---------- EXERCISE DATA

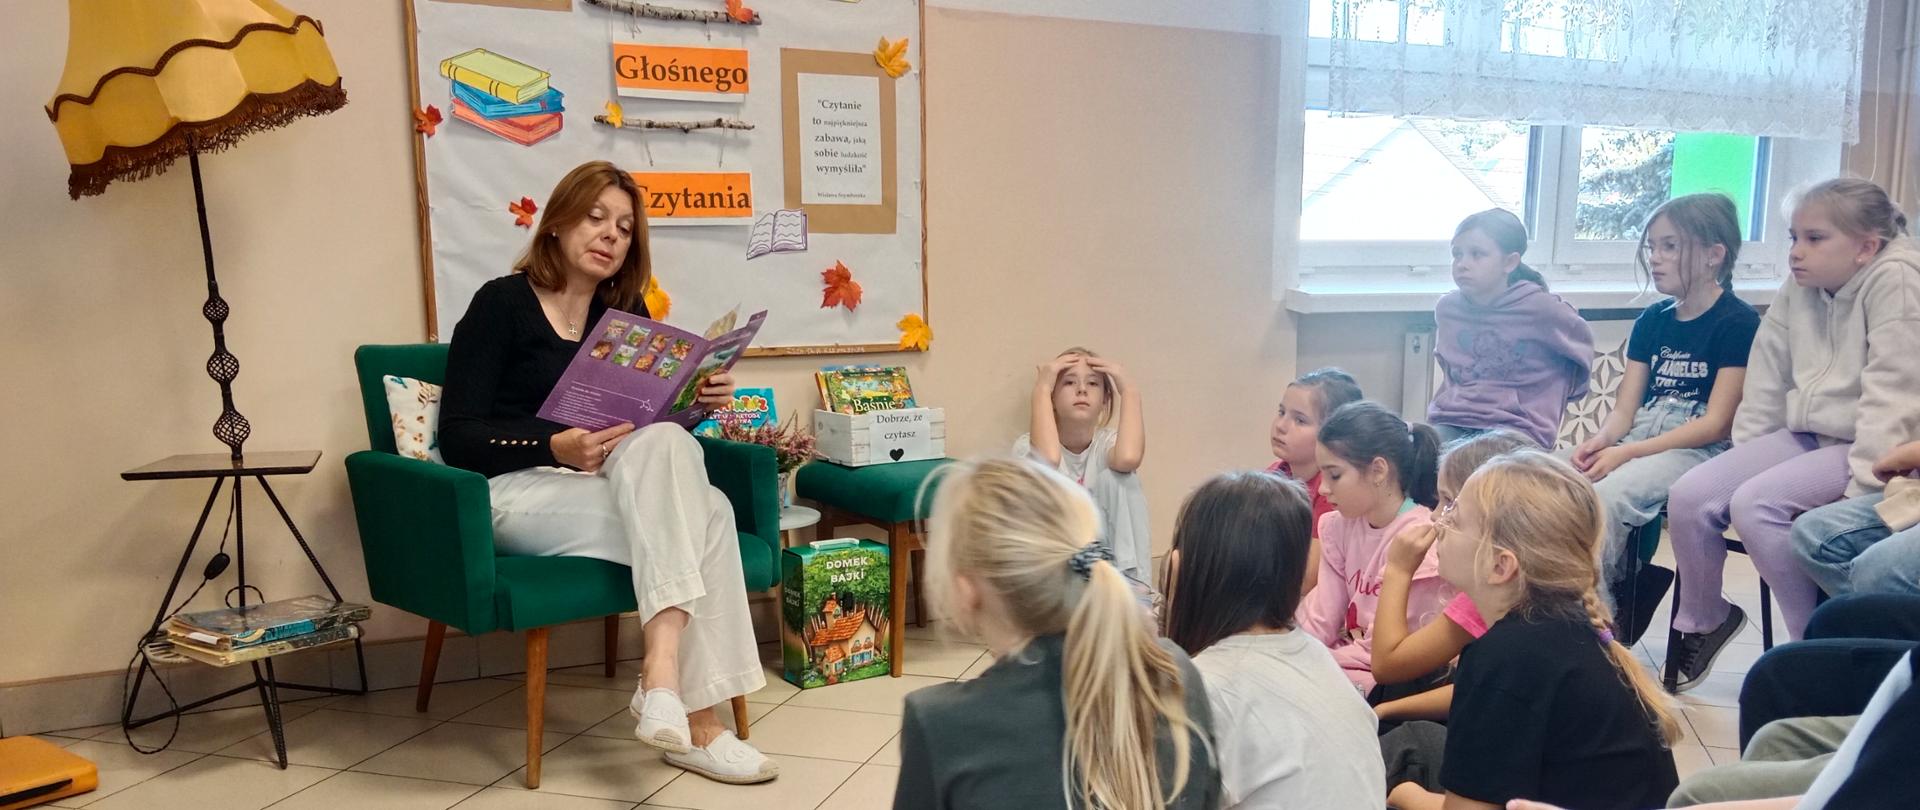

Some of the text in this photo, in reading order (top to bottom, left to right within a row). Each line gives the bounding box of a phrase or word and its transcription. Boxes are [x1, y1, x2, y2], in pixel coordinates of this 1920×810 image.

[615, 54, 748, 92] Głośnego
[818, 99, 862, 112] "Czytanie
[812, 117, 822, 126] to
[814, 133, 851, 145] zabawa,
[814, 148, 839, 158] sobie
[853, 397, 897, 412] Baśnie
[884, 430, 916, 442] czytasz
[826, 557, 868, 570] DOMEK
[830, 568, 865, 583] BAJKI

--------------------

# WHAT YOU ARE ASKED TO DO
Taking each record in turn, retype it exactly and drop any picture.

# EXERCISE RESULT
Some of the text in this photo, in reading order (top to bottom, left to right within a row). Each line gives the bounding box of a phrase or word and its transcription. Boxes are [x1, y1, x2, y2], in pixel coordinates of this 1920×810 image.

[615, 54, 748, 92] Głośnego
[818, 99, 862, 112] "Czytanie
[812, 117, 822, 126] to
[814, 133, 851, 145] zabawa,
[814, 148, 839, 158] sobie
[853, 397, 897, 412] Baśnie
[884, 430, 916, 442] czytasz
[826, 557, 868, 570] DOMEK
[830, 568, 865, 583] BAJKI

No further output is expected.